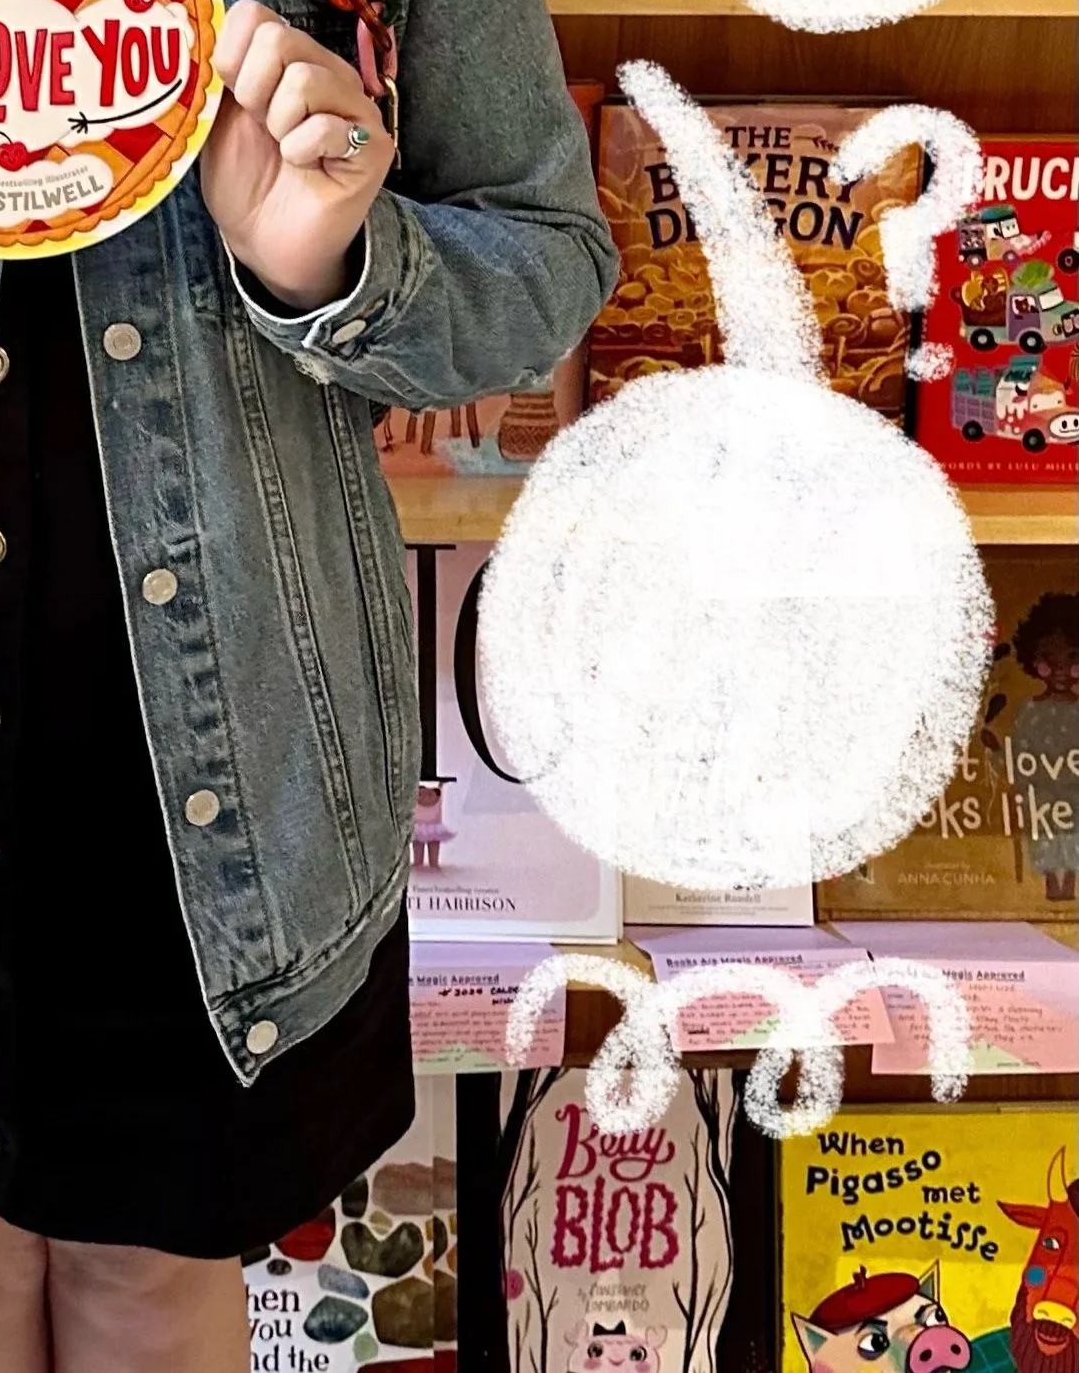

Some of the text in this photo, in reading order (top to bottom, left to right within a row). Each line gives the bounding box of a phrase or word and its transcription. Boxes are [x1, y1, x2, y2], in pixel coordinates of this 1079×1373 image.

[83, 19, 181, 108] YOU
[725, 125, 792, 149] THE
[644, 153, 865, 204] BKERY
[645, 198, 864, 251] DGON
[1002, 783, 1074, 841] like
[898, 873, 995, 885] ANNA CUNHA
[429, 897, 516, 911] HARRISON
[675, 893, 761, 903] Katherine Rundell
[666, 957, 698, 967] Books
[754, 954, 803, 965] Approved
[417, 973, 500, 987] Magic Approved
[976, 969, 1025, 982] Approved
[817, 1131, 904, 1156] When
[806, 1150, 941, 1206] Pigasso
[921, 1182, 980, 1204] met
[551, 1174, 679, 1274] BLOB
[841, 1211, 999, 1262] Mootisse
[288, 1345, 330, 1373] the
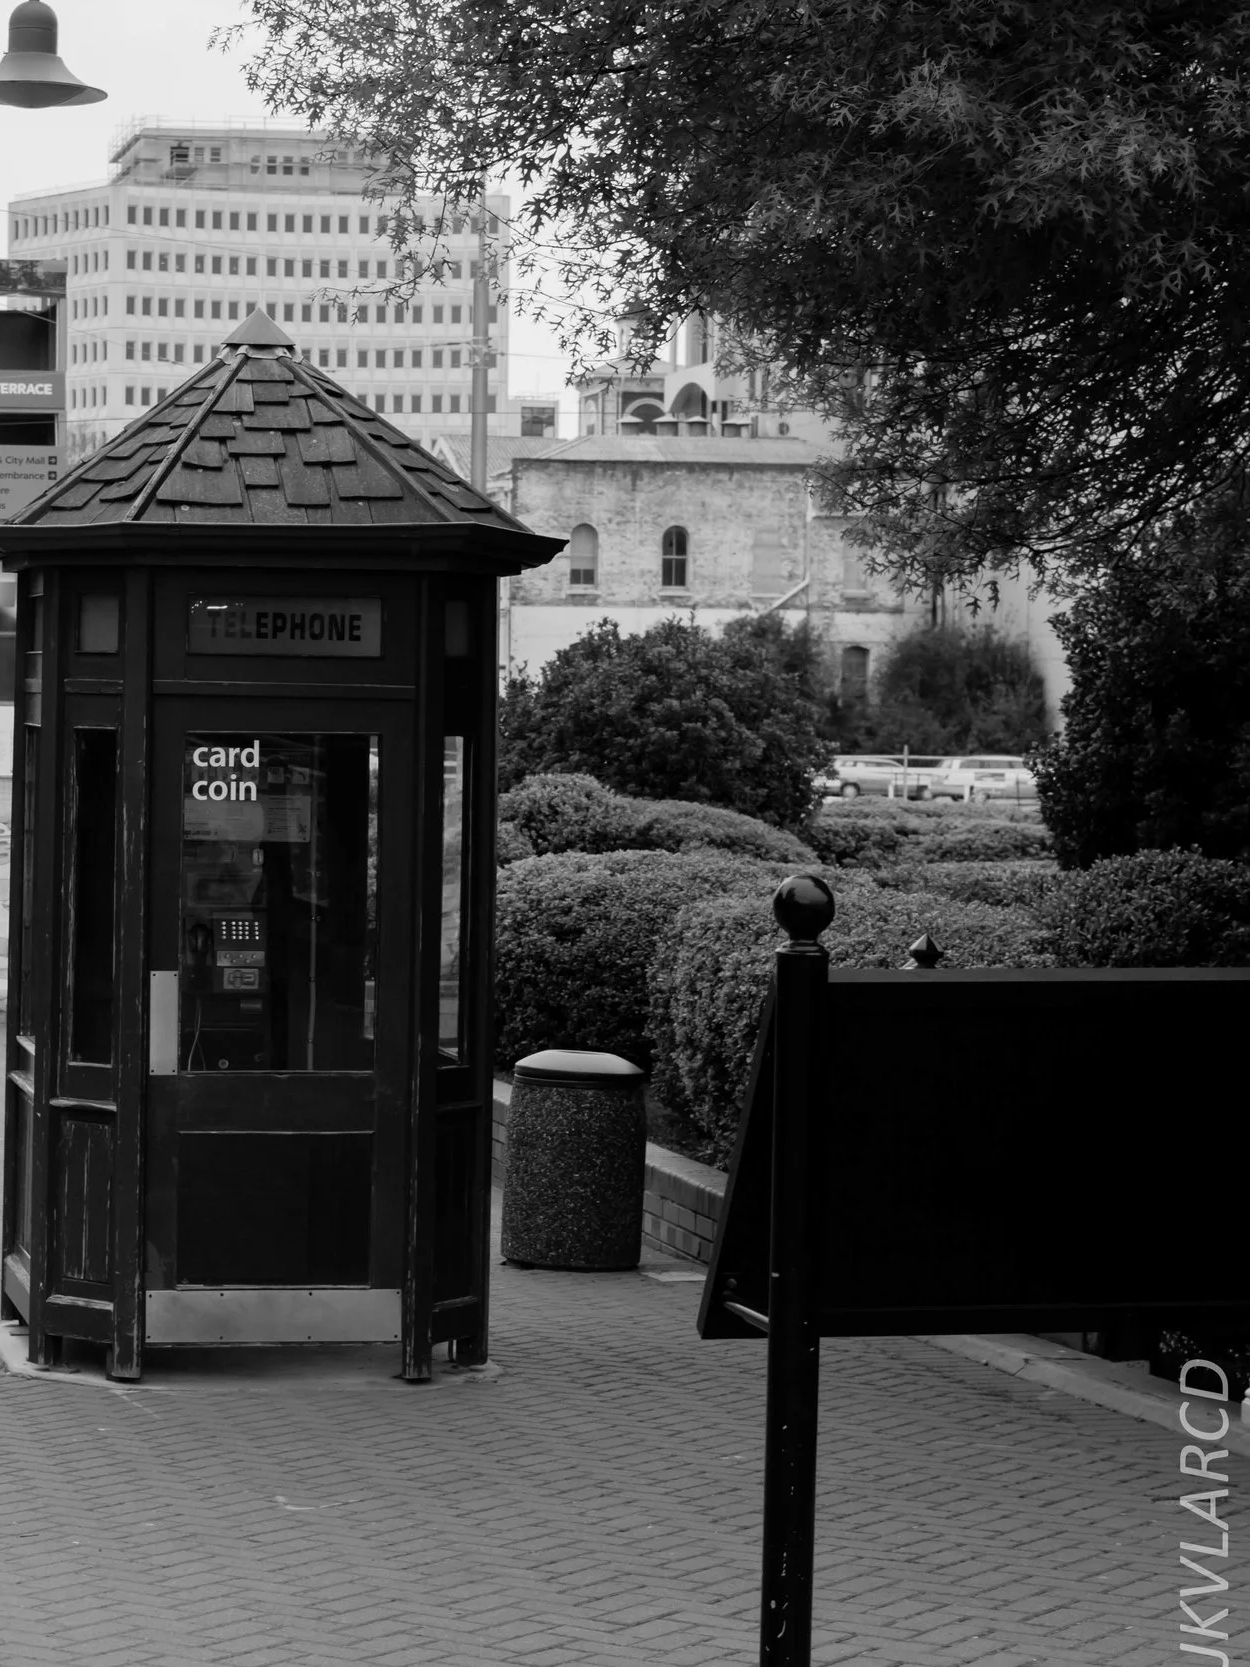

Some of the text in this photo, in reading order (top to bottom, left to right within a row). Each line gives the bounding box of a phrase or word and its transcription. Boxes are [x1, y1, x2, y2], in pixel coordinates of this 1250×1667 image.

[5, 456, 24, 466] City
[26, 456, 45, 465] Mall
[207, 610, 363, 642] TELEPHONE
[192, 739, 260, 768] card
[191, 774, 258, 802] coin

______

PROBLEM TO WORK ON:
All lines above are to be restated word for word, with pictures excluded.

TASK RESULT:
Some of the text in this photo, in reading order (top to bottom, left to right within a row). Each line gives the bounding box of a phrase or word and its transcription. Boxes are [x1, y1, x2, y2], in pixel coordinates of this 1079×1373 image.

[83, 19, 181, 108] YOU
[725, 125, 792, 149] THE
[644, 153, 865, 204] BKERY
[645, 198, 864, 251] DGON
[1002, 783, 1074, 841] like
[898, 873, 995, 885] ANNA CUNHA
[429, 897, 516, 911] HARRISON
[675, 893, 761, 903] Katherine Rundell
[666, 957, 698, 967] Books
[754, 954, 803, 965] Approved
[417, 973, 500, 987] Magic Approved
[976, 969, 1025, 982] Approved
[817, 1131, 904, 1156] When
[806, 1150, 941, 1206] Pigasso
[921, 1182, 980, 1204] met
[551, 1174, 679, 1274] BLOB
[841, 1211, 999, 1262] Mootisse
[288, 1345, 330, 1373] the

Some of the text in this photo, in reading order (top to bottom, left to right within a row). Each line gives the bounding box of a phrase or word and its transcription. Boxes are [x1, y1, x2, y2], in pixel coordinates of this 1250×1667 image.

[5, 456, 24, 466] City
[26, 456, 45, 465] Mall
[207, 610, 363, 642] TELEPHONE
[192, 739, 260, 768] card
[191, 774, 258, 802] coin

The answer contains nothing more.